Mozilla didn't like the idea and responded with asm.js. This approach updates the browser so it can run a low-level subset of JavaScript instructions very fast, and it won support from Microsoft. Asm.js is paired with another Mozilla-launched project called Emscripten that converts C and C++ code into a compatible language.

Mozilla's Emscripten project will let programmers convert software written in C or C++ into WebAssembly software that runs in a browser.
Mozilla's Emscripten project will let programmers convert software written in C or C++ into WebAssembly software that runs in a browser. Mozilla

Now, after years in which neither project gained universal adoption, members of both teams are starting over together.

"I'm happy to report that we at Mozilla have started working with Chromium, Edge and WebKit engineers on creating a new standard, WebAssembly," said Luke Wagner, one of the project's leaders, in a blog post Wednesday. Chromium is the open-source foundation of Google's Chrome, as WebKit is for Apple's Safari and Edge is Microsoft's new browser that will succeed Internet Explorer starting with Windows 10.

At its most basic level, WebAssembly provides a different way to let browsers run software written in C, C++, or other languages. To run, they must be translated into the ones and zeros of machine code that a computer actually can act on.

On today's Web, the browser's JavaScript translates those instructions into machine code. But with WebAssembly, the programmer does a lot of the work earlier in the process, producing a program that's in between the two states. That frees the browser from a lot of the hard work of creating the machine code, but it also fulfills the promise of the Web -- that software will run on any device with a browser regardless of the underlying hardware details.

The intermediate state also means that programmers can start with whatever language they want, not just JavaScript.

Broad participation

"We think this is the start of an exciting path for having your non-JavaScript source code run quickly and harmoniously with the rest of the Web," Microsoft's Mike Holman said in a blog post.

Google programmer Ben Titzer is working on a project to let Chrome's V8 JavaScript engine decode WebAssembly instructions, too.

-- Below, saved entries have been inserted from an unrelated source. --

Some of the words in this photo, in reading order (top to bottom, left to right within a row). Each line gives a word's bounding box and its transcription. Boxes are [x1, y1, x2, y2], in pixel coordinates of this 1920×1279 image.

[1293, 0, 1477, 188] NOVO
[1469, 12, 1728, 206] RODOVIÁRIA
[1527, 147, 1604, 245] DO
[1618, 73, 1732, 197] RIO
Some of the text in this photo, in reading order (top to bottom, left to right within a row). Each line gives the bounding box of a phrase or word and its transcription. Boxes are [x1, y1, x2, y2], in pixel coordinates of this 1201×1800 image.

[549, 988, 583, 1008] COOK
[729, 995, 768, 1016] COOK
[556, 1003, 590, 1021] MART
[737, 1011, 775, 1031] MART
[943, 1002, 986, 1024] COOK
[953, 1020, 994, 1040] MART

And at Apple, WebKit developer Filip Pizlo filed a request to support WebAssembly in Safari. "This standard has broad support, and we should continue to participate in discussions about how to make it great," Pizlo said.

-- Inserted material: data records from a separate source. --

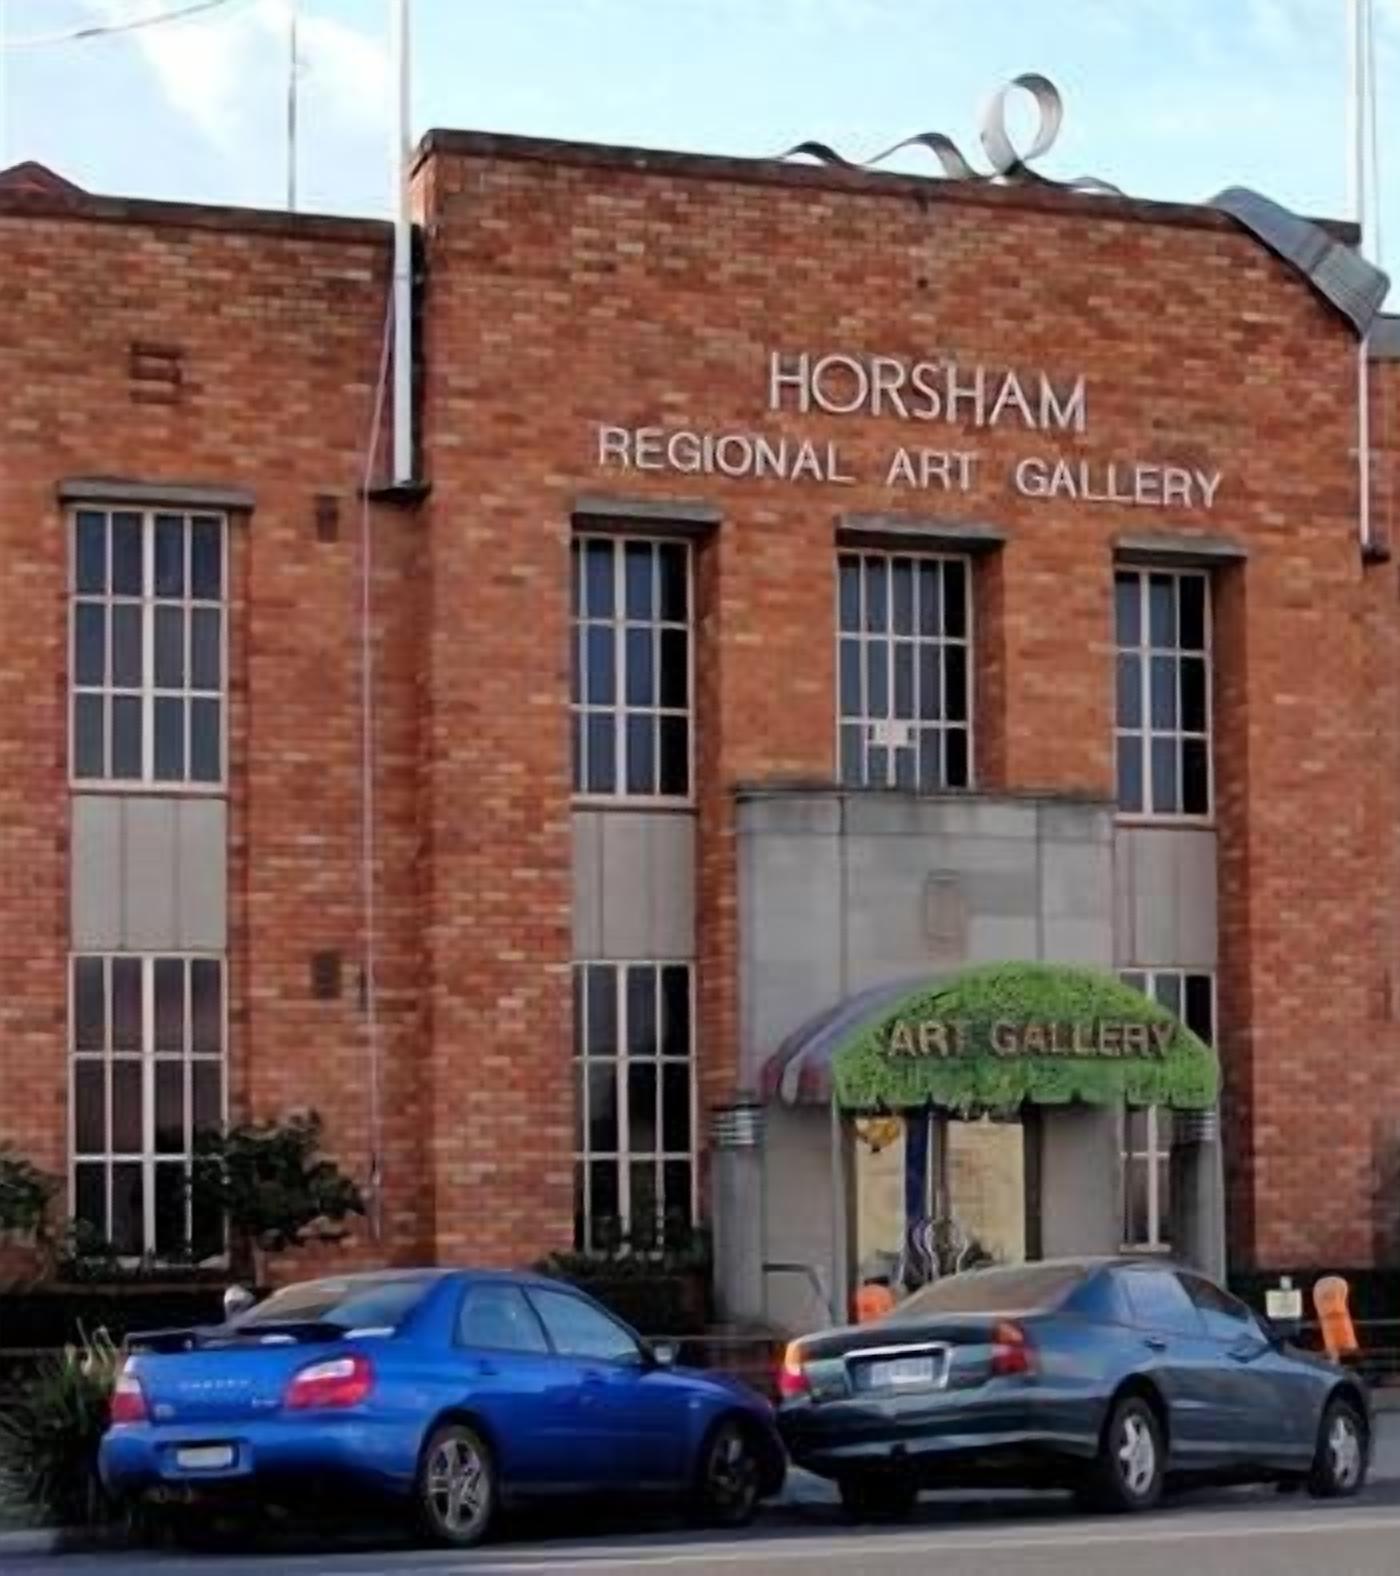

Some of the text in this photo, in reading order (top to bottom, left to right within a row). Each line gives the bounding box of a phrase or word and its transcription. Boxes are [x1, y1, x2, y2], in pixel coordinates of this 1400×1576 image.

[769, 350, 1087, 432] HORSHAM
[597, 426, 1224, 508] REGIONAL ART GALLERY
[886, 1020, 1177, 1059] ART GALLERY
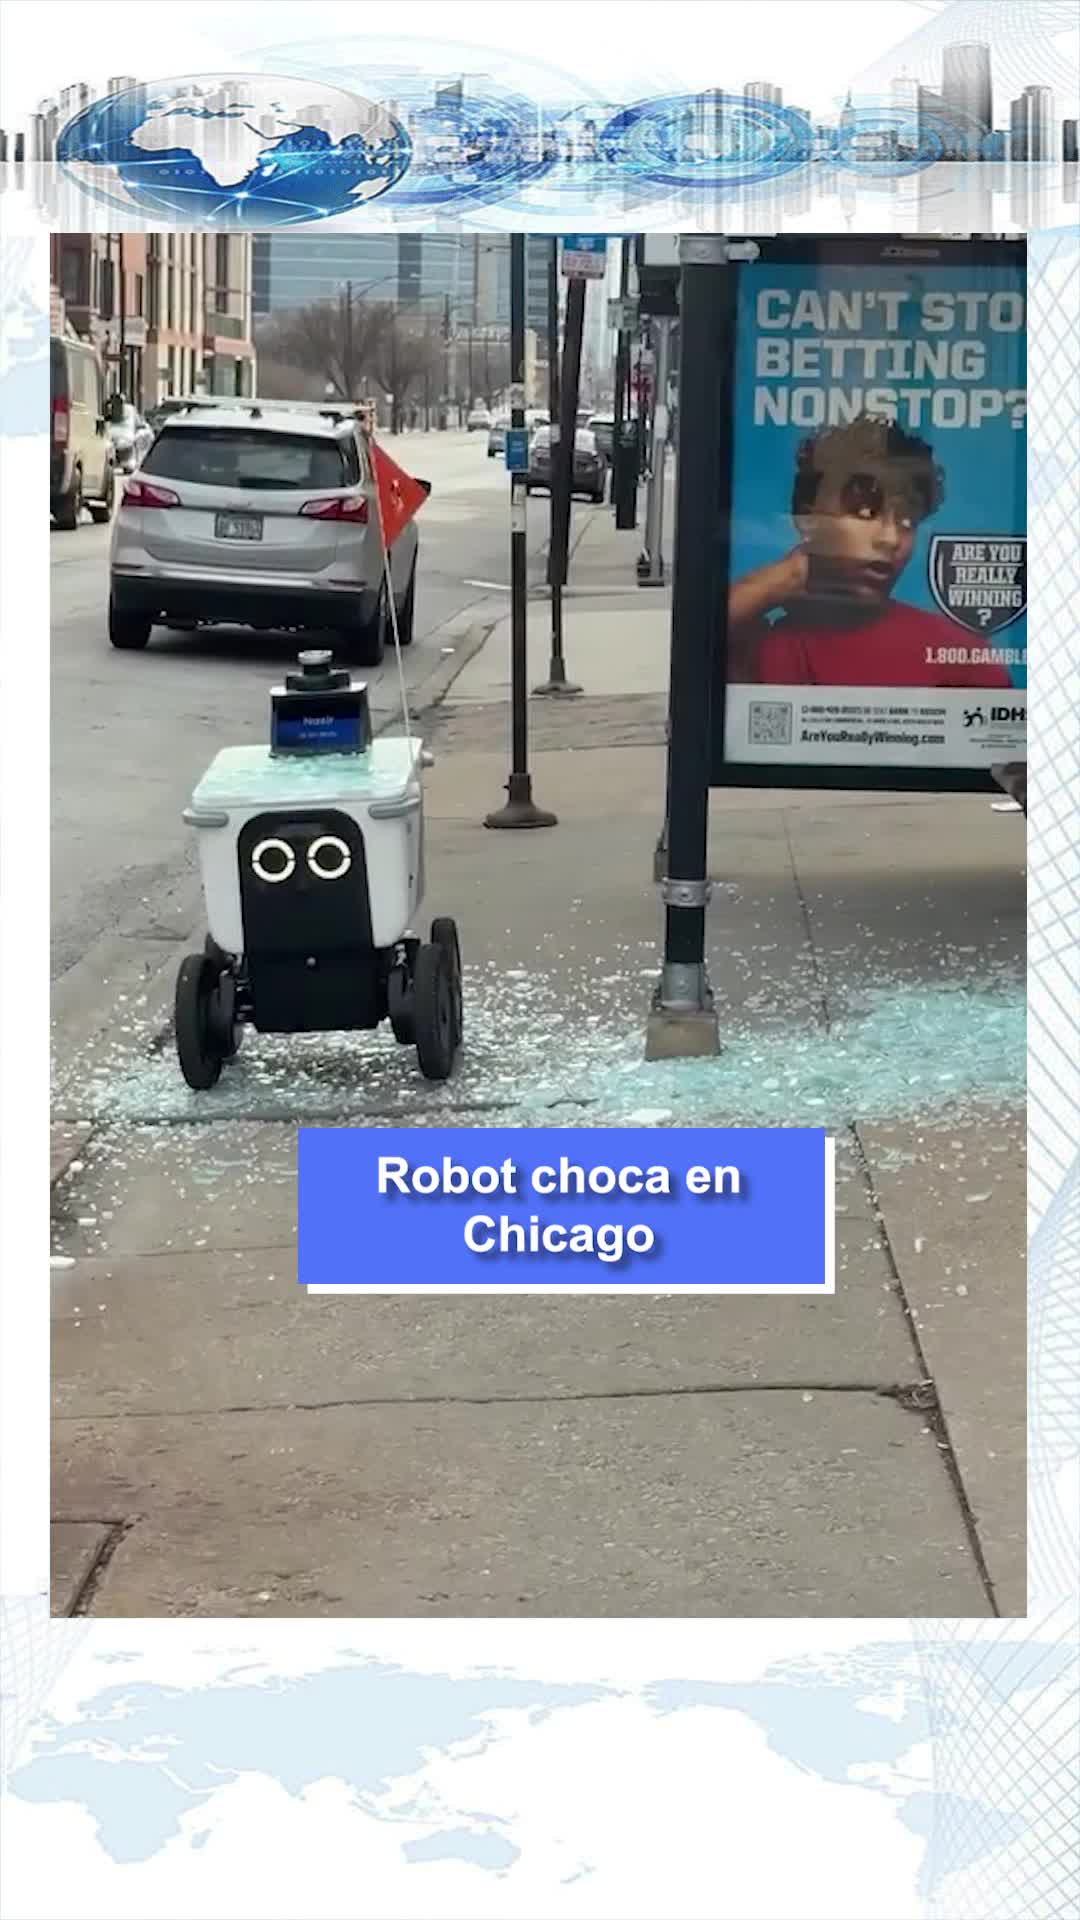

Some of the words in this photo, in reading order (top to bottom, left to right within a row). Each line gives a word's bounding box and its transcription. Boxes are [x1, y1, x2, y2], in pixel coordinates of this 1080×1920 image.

[756, 289, 908, 331] CAN'T
[756, 338, 986, 380] BETTING
[754, 386, 1027, 428] NONSTOP?
[952, 543, 986, 561] ARE
[988, 543, 1022, 562] YOU
[955, 566, 1018, 584] REALLY
[948, 589, 1022, 607] WINNING
[976, 607, 992, 626] ?
[990, 706, 1027, 721] IDH

The father of JavaScript and short-lived Mozilla CEO Brendan Eich might be expected to defend JavaScript against incursions of other languages onto the Web. But he's a fan, too.

"Having both the PNaCl team and the V8 team from Google, along with key people from Microsoft and the asm.js and Emscripten gurus from Mozilla, collaborating closely once everyone saw the light, has been inspiring," Eich said in a rare blog post of his own.